Text-to-region grounding data:
┌──

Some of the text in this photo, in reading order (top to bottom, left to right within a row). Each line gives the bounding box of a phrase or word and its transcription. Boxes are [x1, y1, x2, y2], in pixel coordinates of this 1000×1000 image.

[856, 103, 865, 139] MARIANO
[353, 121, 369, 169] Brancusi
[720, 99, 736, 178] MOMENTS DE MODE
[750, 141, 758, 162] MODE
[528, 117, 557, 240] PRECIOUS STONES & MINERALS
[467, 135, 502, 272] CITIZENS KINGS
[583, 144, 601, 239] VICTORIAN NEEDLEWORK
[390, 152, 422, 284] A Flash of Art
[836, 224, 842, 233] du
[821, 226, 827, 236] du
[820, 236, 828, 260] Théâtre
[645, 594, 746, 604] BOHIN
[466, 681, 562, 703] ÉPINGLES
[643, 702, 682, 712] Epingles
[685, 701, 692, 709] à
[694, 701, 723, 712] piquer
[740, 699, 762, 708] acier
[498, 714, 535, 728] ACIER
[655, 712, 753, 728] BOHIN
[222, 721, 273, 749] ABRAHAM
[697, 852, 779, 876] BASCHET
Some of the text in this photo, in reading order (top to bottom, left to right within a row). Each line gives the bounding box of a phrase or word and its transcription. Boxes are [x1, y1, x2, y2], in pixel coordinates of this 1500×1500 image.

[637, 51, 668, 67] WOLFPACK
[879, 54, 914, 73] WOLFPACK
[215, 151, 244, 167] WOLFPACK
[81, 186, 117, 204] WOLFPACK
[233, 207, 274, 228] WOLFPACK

└──

## Your objective
The data above must be reproduced in full, exactly as given.

## The completed task
Some of the text in this photo, in reading order (top to bottom, left to right within a row). Each line gives the bounding box of a phrase or word and its transcription. Boxes are [x1, y1, x2, y2], in pixel coordinates of this 1000×1000 image.

[856, 103, 865, 139] MARIANO
[353, 121, 369, 169] Brancusi
[720, 99, 736, 178] MOMENTS DE MODE
[750, 141, 758, 162] MODE
[528, 117, 557, 240] PRECIOUS STONES & MINERALS
[467, 135, 502, 272] CITIZENS KINGS
[583, 144, 601, 239] VICTORIAN NEEDLEWORK
[390, 152, 422, 284] A Flash of Art
[836, 224, 842, 233] du
[821, 226, 827, 236] du
[820, 236, 828, 260] Théâtre
[645, 594, 746, 604] BOHIN
[466, 681, 562, 703] ÉPINGLES
[643, 702, 682, 712] Epingles
[685, 701, 692, 709] à
[694, 701, 723, 712] piquer
[740, 699, 762, 708] acier
[498, 714, 535, 728] ACIER
[655, 712, 753, 728] BOHIN
[222, 721, 273, 749] ABRAHAM
[697, 852, 779, 876] BASCHET
Some of the text in this photo, in reading order (top to bottom, left to right within a row). Each line gives the bounding box of a phrase or word and its transcription. Boxes are [x1, y1, x2, y2], in pixel coordinates of this 1500×1500 image.

[637, 51, 668, 67] WOLFPACK
[879, 54, 914, 73] WOLFPACK
[215, 151, 244, 167] WOLFPACK
[81, 186, 117, 204] WOLFPACK
[233, 207, 274, 228] WOLFPACK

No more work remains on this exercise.